¿Es ir a los bares un derecho?

Roberto Blanco Valdés
Roberto L. Blanco Valdés EL OJO PÚBLICO

OPINIÓN

César Arxina

11 ago 2021 . Actualizado a las 09:09 h.

Cuando en un país hay que dar respuesta a preguntas peregrinas porque gran número de personas las plantean, podemos dar por seguro que algo extraño ocurre en él. Entre las muchas fantasías que atenazan hoy a España hay una verdaderamente singular: la idea demencial, pero extendida, de que todo lo que hacemos de forma habitual puede y debe ser considerado un derecho subjetivo.

Un ejemplo: el otro día una señora mayor, que por lo que se veía disfrutaba con frecuencia de los viajes del Imserso, proclama airada, ante un posible retraso de la oferta pendiente, que ella «tenía derecho a viajar», lo que es cierto (pues aquel nace de su libertad de movimientos), aunque no lo es que tenga derecho a hacerlo a cargo del Imserso, prestación social (que no derecho) sujeta a numerosas condiciones, desde las disponibilidades presupuestarias hasta la salud de los solicitantes.

¿Tenemos un derecho subjetivo a entrar en un local abierto al público?
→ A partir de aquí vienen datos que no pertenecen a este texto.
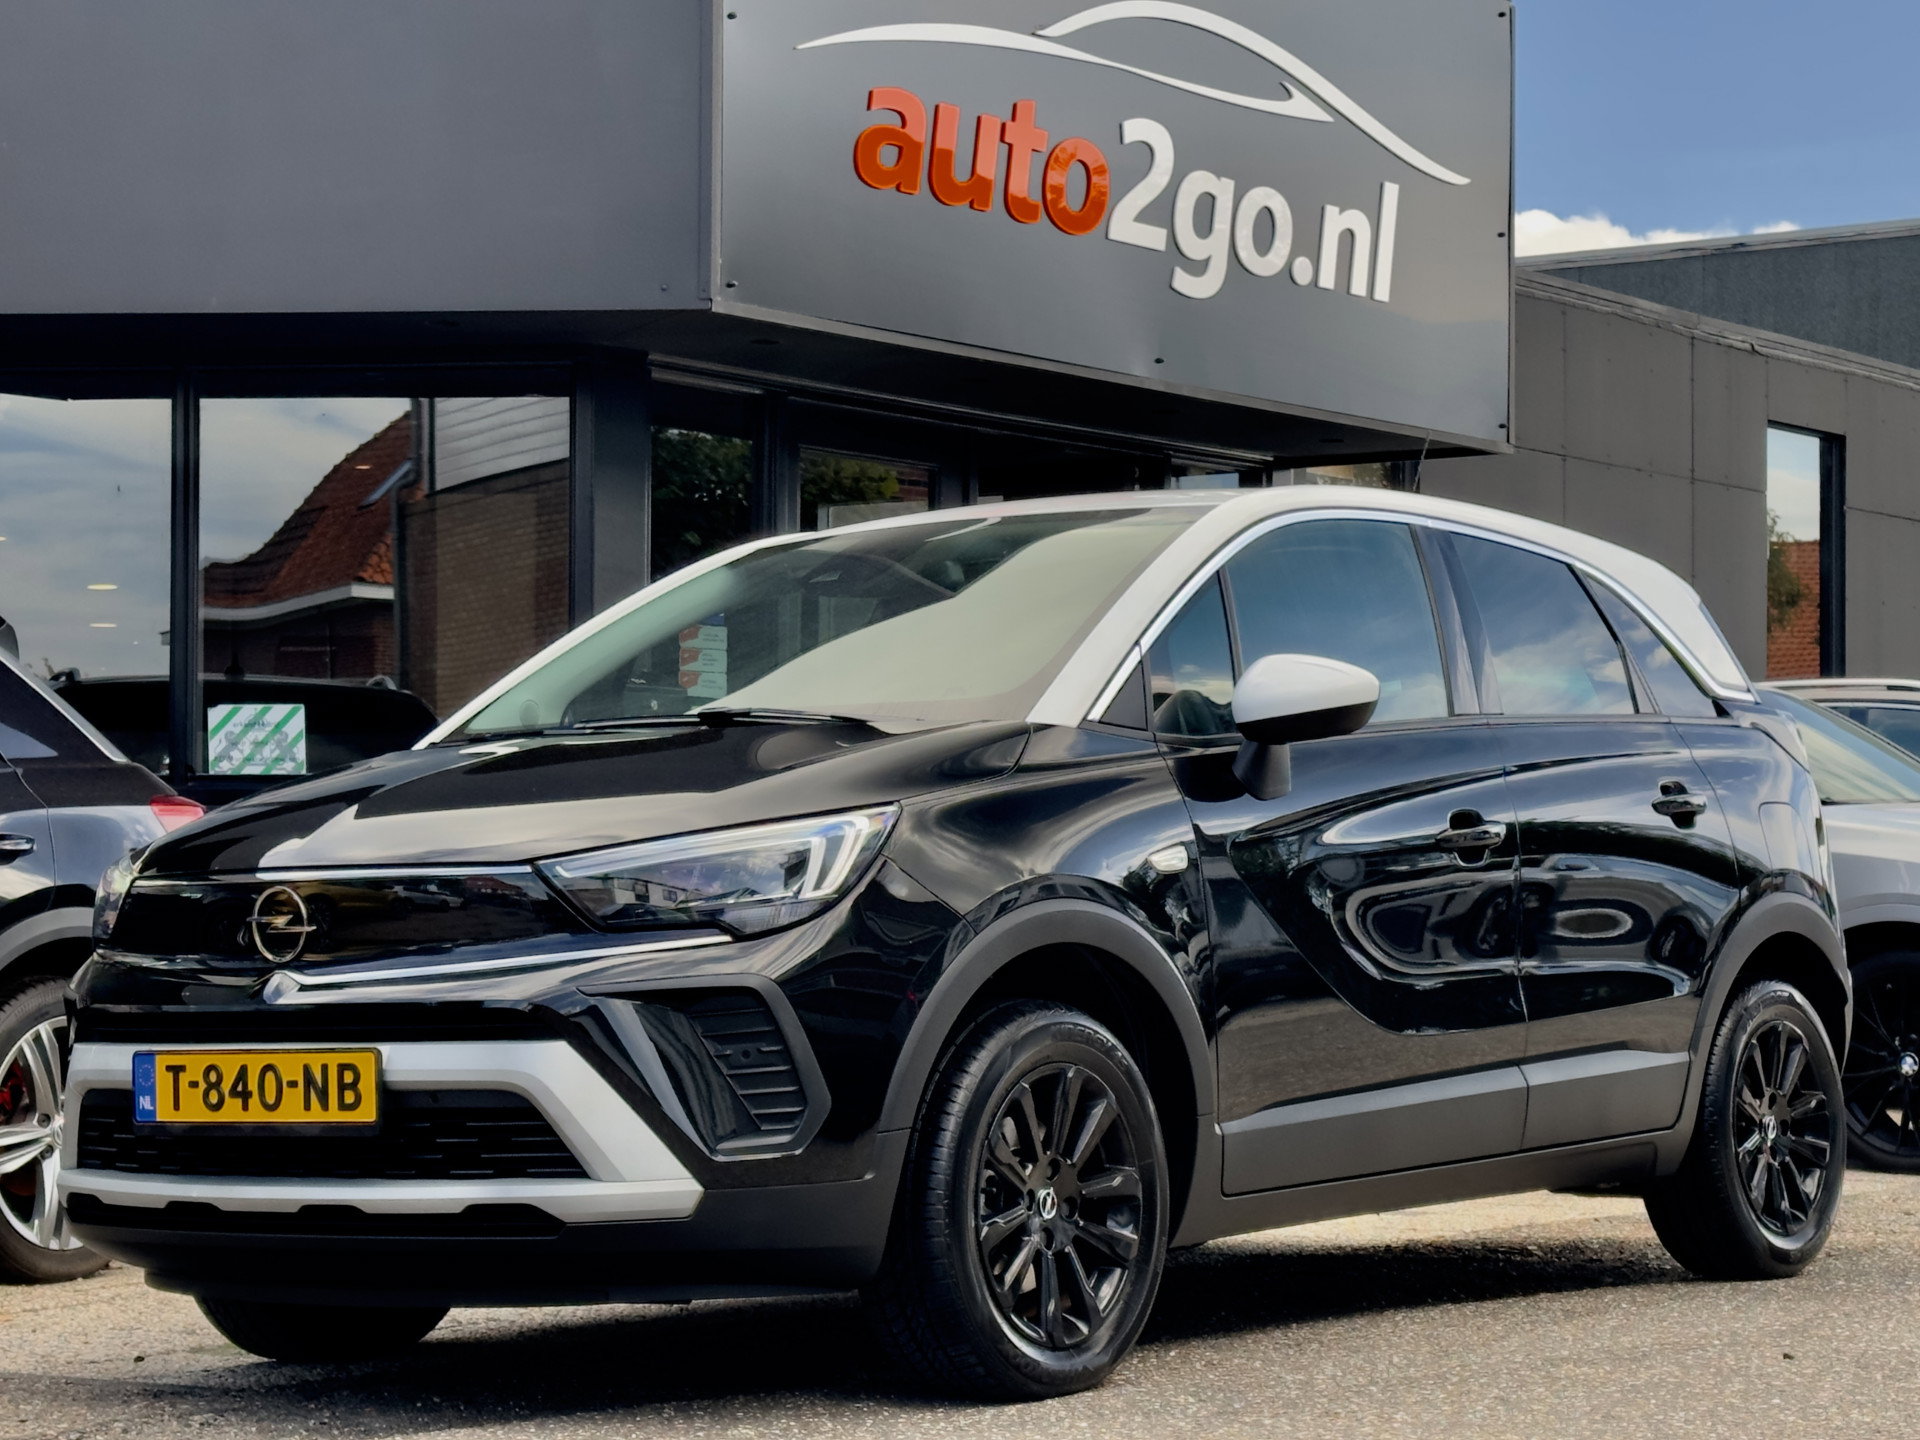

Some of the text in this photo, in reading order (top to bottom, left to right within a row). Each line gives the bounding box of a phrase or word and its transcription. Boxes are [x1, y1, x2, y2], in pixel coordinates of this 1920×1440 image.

[853, 86, 1400, 301] auto2go.nl
[139, 1095, 154, 1110] NL
[164, 1062, 363, 1112] T-840-NB
En absoluto: tenemos una libertad general de movimientos que nos permite acceder a ellos, siempre que cumplamos las condiciones previamente establecidas: desde abonar una entrada, cuando es preceptivo, hasta vestir o no vestir de una manera determinada o no ir acompañados de animales, salvo allí donde se permiten (perros, generalmente, pero no recuas de pitos).